Esas noches, Dave tenía tres opciones: sentarse en el dormitorio de Michael y mirar cómo dormía su hijo, esconderse en el dormitorio trasero que compartía con Celeste y hacer zapping ante el televisor o salir a toda prisa por la puerta e intentar encontrar un sitio donde no tuviera que escuchar a cuatro mujeres que empiezan a gimotear porque Pelotas Caídas decide que no puede dejarse atar y vuelve a las montañas en busca de una vida simple.

Dave a menudo escogía la opción número tres.

Hizo lo mismo aquella noche. Acabó la cerveza y se despidió de Celeste con un beso; sintió un ligero retortijón en el estómago cuando ella le asió el culo y le devolvió el besó con entusiasmo; después salió por la puerta, bajó las escaleras por delante del piso del señor McAllister y, atravesando la puerta principal, se adentró en el sábado noche de las marismas. Pensaba ir dando un paseo hasta Bucky's o Tap, pero se quedó delante de la casa para pensárselo bien y luego decidió coger el coche. Tal vez podría subir hasta la colina y echar un vistazo a las estudiantes universitarias y a los ejecutivos que últimamente iban allí en tropel; de hecho, en la colina había tanta gente que tenían que apartarse a codazos y algunos ya habían optado por irse al barrio de las marismas.

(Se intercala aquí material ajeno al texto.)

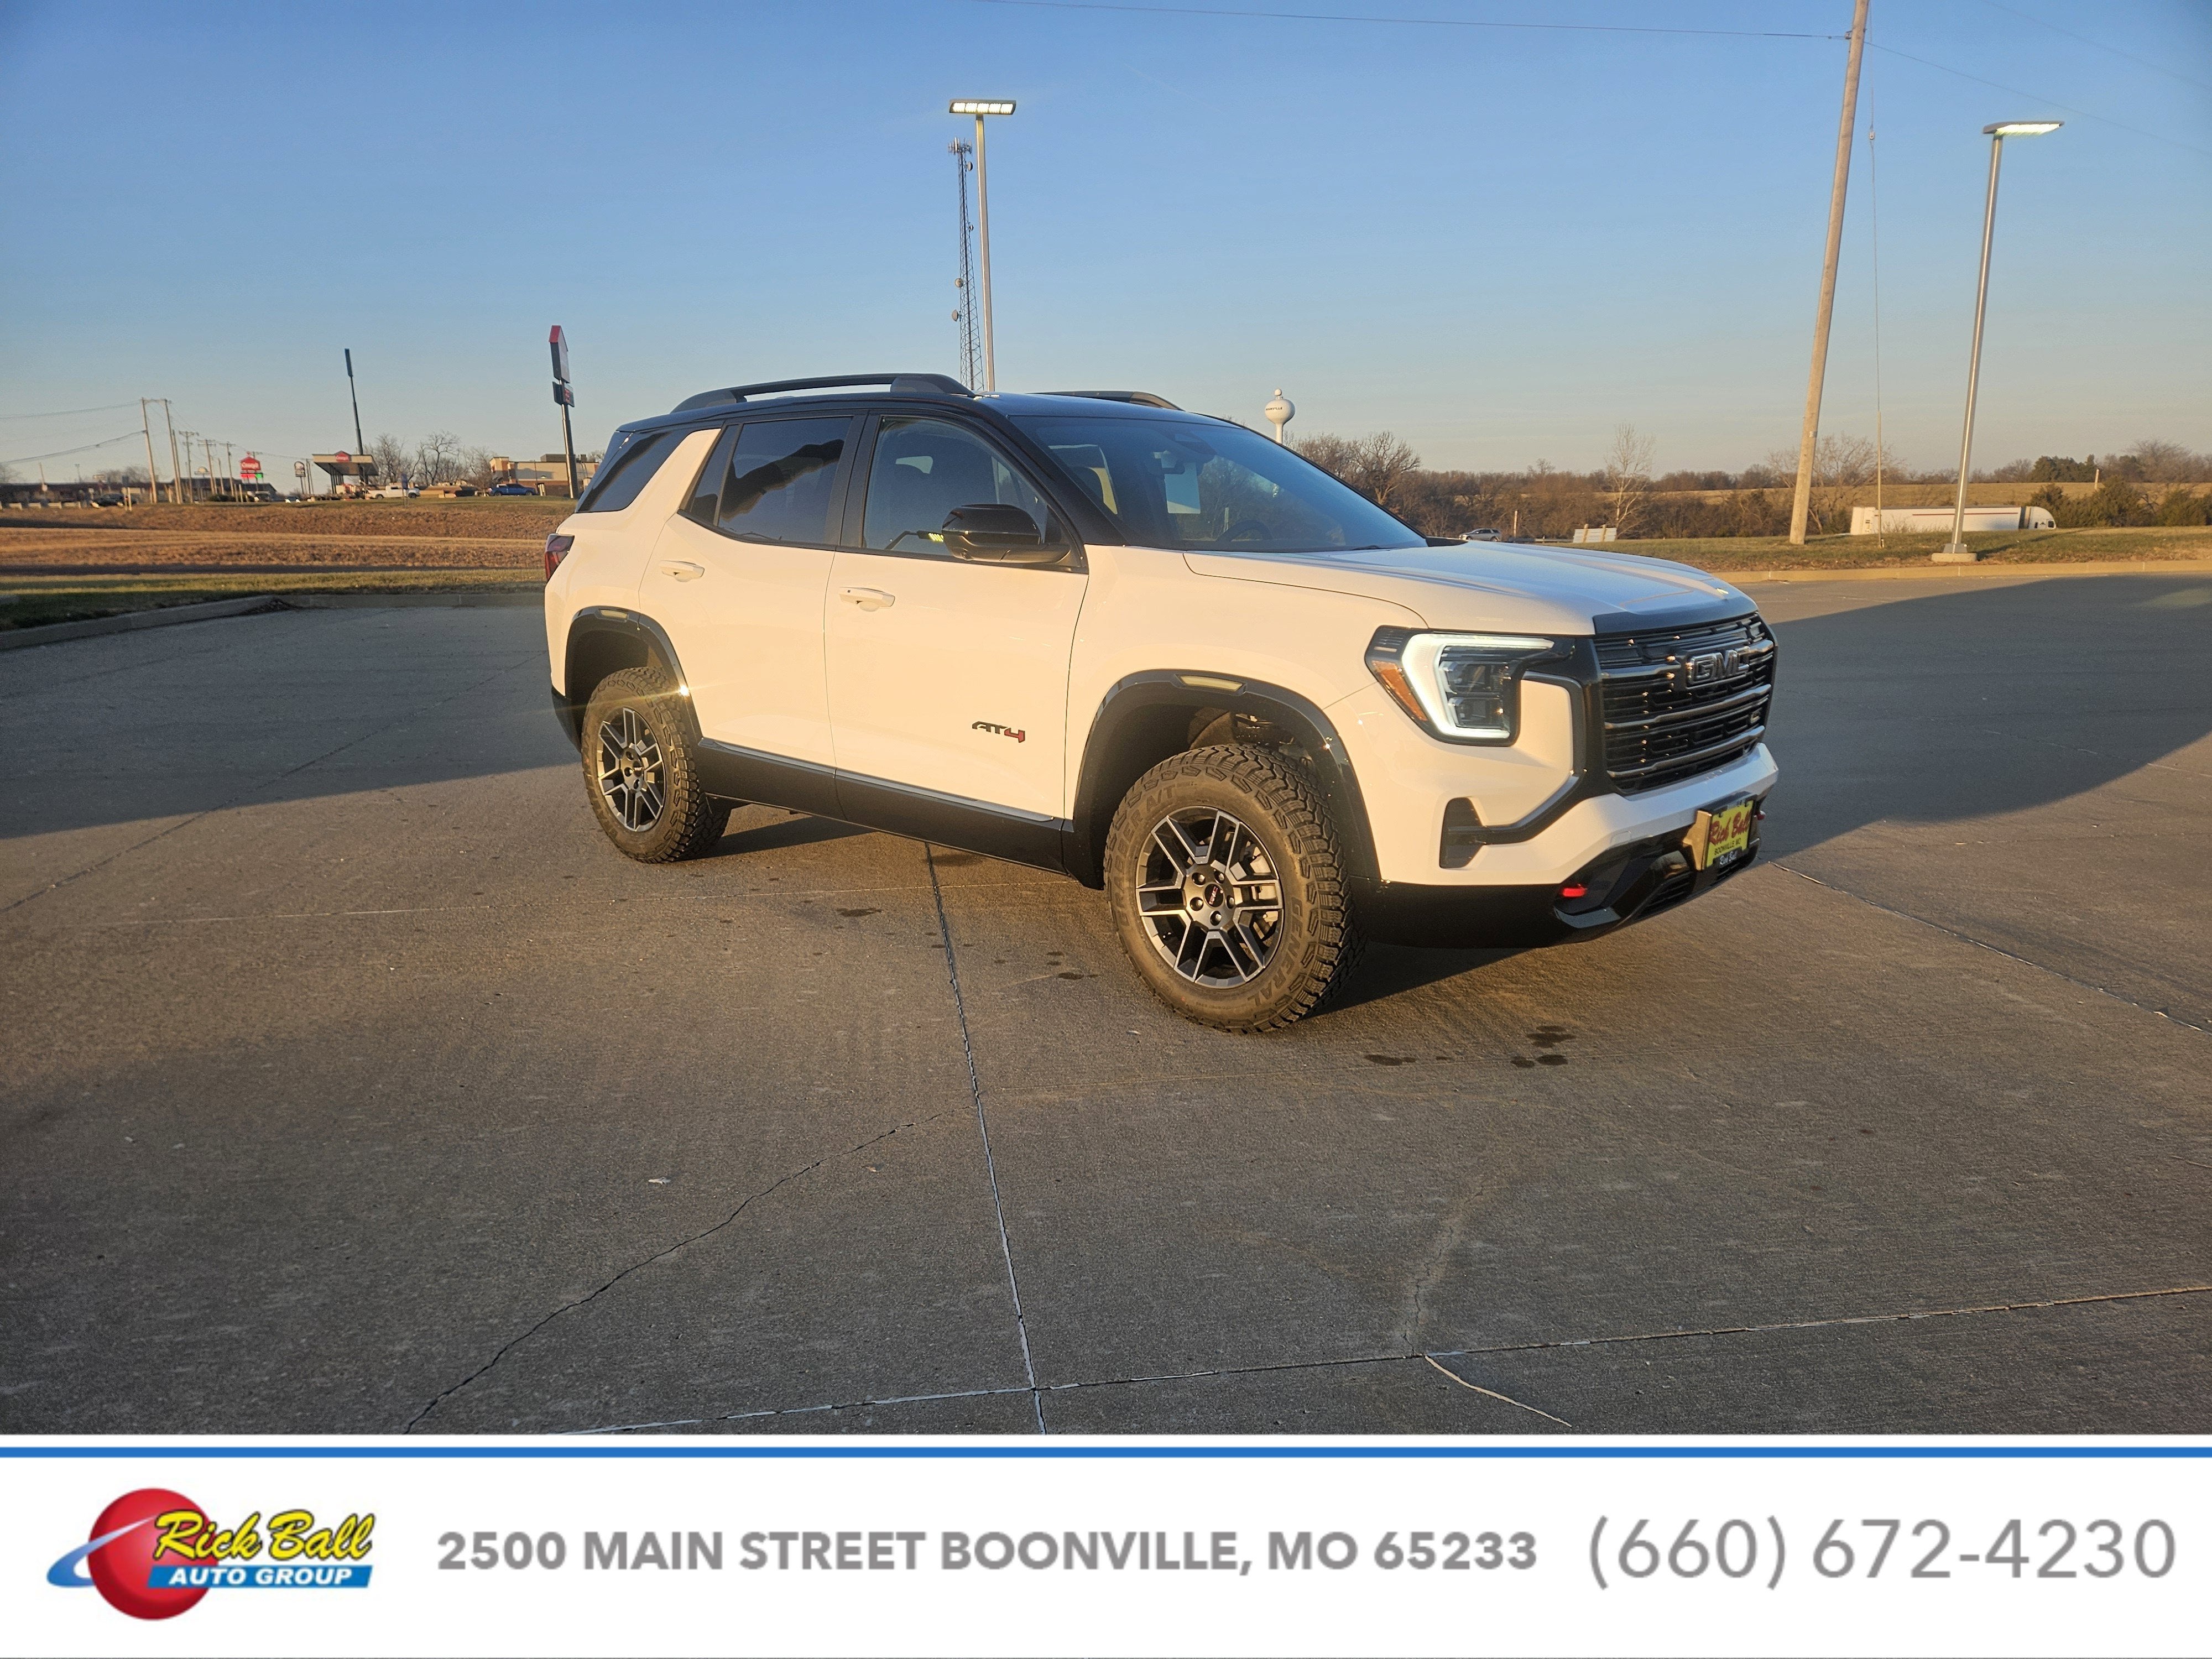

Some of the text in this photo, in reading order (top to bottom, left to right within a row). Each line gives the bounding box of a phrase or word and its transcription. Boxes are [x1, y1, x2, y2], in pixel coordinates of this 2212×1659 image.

[1689, 645, 1751, 685] GMC
[972, 721, 1025, 743] AT4
[1247, 896, 1303, 1006] GENERAL

Habían comprado los bloques de ladrillo de tres plantas a precio de ganga y éstos de repente se convirtieron en Queen Annes. Los rodearon de andamios, echaron abajo el interior de las casas y pusieron gente a trabajar las veinticuatro horas del día; tres meses más tarde, aquellos aficionados al deporte de aventura aparcaban los Volvos delante de la entrada principal y entraban sus cajas repletas de objetos de cerámica por la puerta. Las notas de jazz se escapaban suaves por los cristales de sus ventanas, compraban mariconadas tales como vino de Oporto en las tiendas de licores, paseaban a sus perros-rata por el barrio y modelaban sus pequeños jardines. Sólo quedaban los edificios de ladrillo de tres plantas que había entre las avenidas Galvin y Twoomey, pero si la colina marcaba las pautas, bien pronto se verían coches Saab y bolsas de tiendas caras de comestibles por todas partes, incluso alrededor del Pen Channel en la parte más baja de las marismas.